However, it’s certainly possible for a country and a population to completely
change language in a generation. The Italian generation of people that is now
about 60 years old are effectiviely bilingual—they were taught in Italian at
school, but (generally) spoke their regional language at home. The generation
after that spoke only Italian, and the generation before that spoke only the
regional language. (Obviously this is a bit of a generalisation.) So it’s
quite straightforward for a country to change it’s language over the course of
20 years or so.

I have a colleague in the Netherlands who believes that the Netherlands will
at some point adopt English as its official language. I personally doubt it,
but it is nevertheless definitely _possible_. All it would take is for the
government to decree that all schoolchildren be taught _in English_ at school.
Dutch people (and particularly Dutch school-teachers, which is the important
thing) would easily be able to carry that policy out. The first generation of
schoolchildren to pass through to adulthoold would probably choose to speak in
English as their primary language, as has happened in Italy.

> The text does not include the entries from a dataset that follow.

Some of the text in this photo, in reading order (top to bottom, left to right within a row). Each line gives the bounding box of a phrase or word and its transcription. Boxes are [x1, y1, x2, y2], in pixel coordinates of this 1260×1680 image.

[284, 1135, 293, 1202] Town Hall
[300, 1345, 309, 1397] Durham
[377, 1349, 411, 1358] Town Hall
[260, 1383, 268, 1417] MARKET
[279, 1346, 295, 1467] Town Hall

Also Brussels has changed from a Flemish speaking city to a French speaking
one in a short space of time.

------
brown9-2
_Tellingly, the FBI 's press release says that the bureau's conclusion is only
based "in part" on these clues. This leaves open the possibility that the
government has classified evidence that North Korea is behind the attack._

I am surprised that the article doesn't end here. Other press reports have
highlighted that there is classified evidence that has not been disclosed, and
it seems odd to me that Schneier would play this aspect down in a story
involving cyberattacks, North Korea, the FBI and the US intelligence
community.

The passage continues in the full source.